• **Task requirements**
Copy out the data that follows exactly, leaving out no line.

• **Materials provided**
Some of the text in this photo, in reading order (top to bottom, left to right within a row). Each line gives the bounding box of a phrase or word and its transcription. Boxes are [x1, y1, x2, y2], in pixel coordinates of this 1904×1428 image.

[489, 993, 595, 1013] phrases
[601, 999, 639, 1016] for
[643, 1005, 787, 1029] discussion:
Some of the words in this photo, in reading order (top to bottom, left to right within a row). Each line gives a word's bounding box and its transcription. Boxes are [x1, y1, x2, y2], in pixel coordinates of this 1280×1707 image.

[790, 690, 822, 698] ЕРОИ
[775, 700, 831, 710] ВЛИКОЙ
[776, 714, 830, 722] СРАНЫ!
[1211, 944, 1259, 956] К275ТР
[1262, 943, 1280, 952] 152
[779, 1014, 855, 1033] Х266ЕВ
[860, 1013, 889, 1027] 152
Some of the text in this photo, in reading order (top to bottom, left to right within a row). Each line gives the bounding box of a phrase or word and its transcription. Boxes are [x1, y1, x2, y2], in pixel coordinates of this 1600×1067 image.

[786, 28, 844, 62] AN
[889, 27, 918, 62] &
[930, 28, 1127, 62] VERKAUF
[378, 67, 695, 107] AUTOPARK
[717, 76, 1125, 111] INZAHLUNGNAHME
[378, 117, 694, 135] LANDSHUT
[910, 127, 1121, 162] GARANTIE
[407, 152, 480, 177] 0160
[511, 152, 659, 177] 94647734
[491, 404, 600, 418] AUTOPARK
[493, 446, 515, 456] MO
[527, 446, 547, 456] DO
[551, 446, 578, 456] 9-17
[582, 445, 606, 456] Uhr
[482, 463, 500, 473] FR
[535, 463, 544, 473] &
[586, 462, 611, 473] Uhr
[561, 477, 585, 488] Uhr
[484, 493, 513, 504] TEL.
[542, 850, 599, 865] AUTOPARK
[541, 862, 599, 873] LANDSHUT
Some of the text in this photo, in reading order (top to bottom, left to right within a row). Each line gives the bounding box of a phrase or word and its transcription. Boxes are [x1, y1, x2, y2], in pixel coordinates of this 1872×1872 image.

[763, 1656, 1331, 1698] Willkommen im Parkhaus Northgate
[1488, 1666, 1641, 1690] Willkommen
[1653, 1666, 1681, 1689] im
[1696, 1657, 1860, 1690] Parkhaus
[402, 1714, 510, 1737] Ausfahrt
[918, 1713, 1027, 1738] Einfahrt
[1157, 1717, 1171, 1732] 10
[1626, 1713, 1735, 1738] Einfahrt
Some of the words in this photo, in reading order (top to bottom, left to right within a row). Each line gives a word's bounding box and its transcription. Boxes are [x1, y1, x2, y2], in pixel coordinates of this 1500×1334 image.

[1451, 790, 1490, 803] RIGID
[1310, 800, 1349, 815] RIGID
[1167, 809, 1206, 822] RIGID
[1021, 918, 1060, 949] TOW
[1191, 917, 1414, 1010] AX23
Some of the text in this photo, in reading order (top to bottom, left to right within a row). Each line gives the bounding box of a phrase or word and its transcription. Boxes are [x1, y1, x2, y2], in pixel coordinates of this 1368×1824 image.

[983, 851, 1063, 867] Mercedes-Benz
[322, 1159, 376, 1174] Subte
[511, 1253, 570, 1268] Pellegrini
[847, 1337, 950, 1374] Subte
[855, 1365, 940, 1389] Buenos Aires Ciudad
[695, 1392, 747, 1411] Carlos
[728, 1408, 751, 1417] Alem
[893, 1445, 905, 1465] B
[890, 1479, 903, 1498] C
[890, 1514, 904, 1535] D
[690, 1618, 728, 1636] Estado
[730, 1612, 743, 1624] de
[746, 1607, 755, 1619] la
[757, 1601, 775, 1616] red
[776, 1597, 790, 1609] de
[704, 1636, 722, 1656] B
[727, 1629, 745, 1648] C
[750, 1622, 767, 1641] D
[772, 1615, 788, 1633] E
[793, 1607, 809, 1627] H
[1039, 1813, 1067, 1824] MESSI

• **Answer space**
Some of the text in this photo, in reading order (top to bottom, left to right within a row). Each line gives the bounding box of a phrase or word and its transcription. Boxes are [x1, y1, x2, y2], in pixel coordinates of this 1904×1428 image.

[489, 993, 595, 1013] phrases
[601, 999, 639, 1016] for
[643, 1005, 787, 1029] discussion:
Some of the words in this photo, in reading order (top to bottom, left to right within a row). Each line gives a word's bounding box and its transcription. Boxes are [x1, y1, x2, y2], in pixel coordinates of this 1280×1707 image.

[790, 690, 822, 698] ЕРОИ
[775, 700, 831, 710] ВЛИКОЙ
[776, 714, 830, 722] СРАНЫ!
[1211, 944, 1259, 956] К275ТР
[1262, 943, 1280, 952] 152
[779, 1014, 855, 1033] Х266ЕВ
[860, 1013, 889, 1027] 152
Some of the text in this photo, in reading order (top to bottom, left to right within a row). Each line gives the bounding box of a phrase or word and its transcription. Boxes are [x1, y1, x2, y2], in pixel coordinates of this 1600×1067 image.

[786, 28, 844, 62] AN
[889, 27, 918, 62] &
[930, 28, 1127, 62] VERKAUF
[378, 67, 695, 107] AUTOPARK
[717, 76, 1125, 111] INZAHLUNGNAHME
[378, 117, 694, 135] LANDSHUT
[910, 127, 1121, 162] GARANTIE
[407, 152, 480, 177] 0160
[511, 152, 659, 177] 94647734
[491, 404, 600, 418] AUTOPARK
[493, 446, 515, 456] MO
[527, 446, 547, 456] DO
[551, 446, 578, 456] 9-17
[582, 445, 606, 456] Uhr
[482, 463, 500, 473] FR
[535, 463, 544, 473] &
[586, 462, 611, 473] Uhr
[561, 477, 585, 488] Uhr
[484, 493, 513, 504] TEL.
[542, 850, 599, 865] AUTOPARK
[541, 862, 599, 873] LANDSHUT
Some of the text in this photo, in reading order (top to bottom, left to right within a row). Each line gives the bounding box of a phrase or word and its transcription. Boxes are [x1, y1, x2, y2], in pixel coordinates of this 1872×1872 image.

[763, 1656, 1331, 1698] Willkommen im Parkhaus Northgate
[1488, 1666, 1641, 1690] Willkommen
[1653, 1666, 1681, 1689] im
[1696, 1657, 1860, 1690] Parkhaus
[402, 1714, 510, 1737] Ausfahrt
[918, 1713, 1027, 1738] Einfahrt
[1157, 1717, 1171, 1732] 10
[1626, 1713, 1735, 1738] Einfahrt
Some of the words in this photo, in reading order (top to bottom, left to right within a row). Each line gives a word's bounding box and its transcription. Boxes are [x1, y1, x2, y2], in pixel coordinates of this 1500×1334 image.

[1451, 790, 1490, 803] RIGID
[1310, 800, 1349, 815] RIGID
[1167, 809, 1206, 822] RIGID
[1021, 918, 1060, 949] TOW
[1191, 917, 1414, 1010] AX23
Some of the text in this photo, in reading order (top to bottom, left to right within a row). Each line gives the bounding box of a phrase or word and its transcription. Boxes are [x1, y1, x2, y2], in pixel coordinates of this 1368×1824 image.

[983, 851, 1063, 867] Mercedes-Benz
[322, 1159, 376, 1174] Subte
[511, 1253, 570, 1268] Pellegrini
[847, 1337, 950, 1374] Subte
[855, 1365, 940, 1389] Buenos Aires Ciudad
[695, 1392, 747, 1411] Carlos
[728, 1408, 751, 1417] Alem
[893, 1445, 905, 1465] B
[890, 1479, 903, 1498] C
[890, 1514, 904, 1535] D
[690, 1618, 728, 1636] Estado
[730, 1612, 743, 1624] de
[746, 1607, 755, 1619] la
[757, 1601, 775, 1616] red
[776, 1597, 790, 1609] de
[704, 1636, 722, 1656] B
[727, 1629, 745, 1648] C
[750, 1622, 767, 1641] D
[772, 1615, 788, 1633] E
[793, 1607, 809, 1627] H
[1039, 1813, 1067, 1824] MESSI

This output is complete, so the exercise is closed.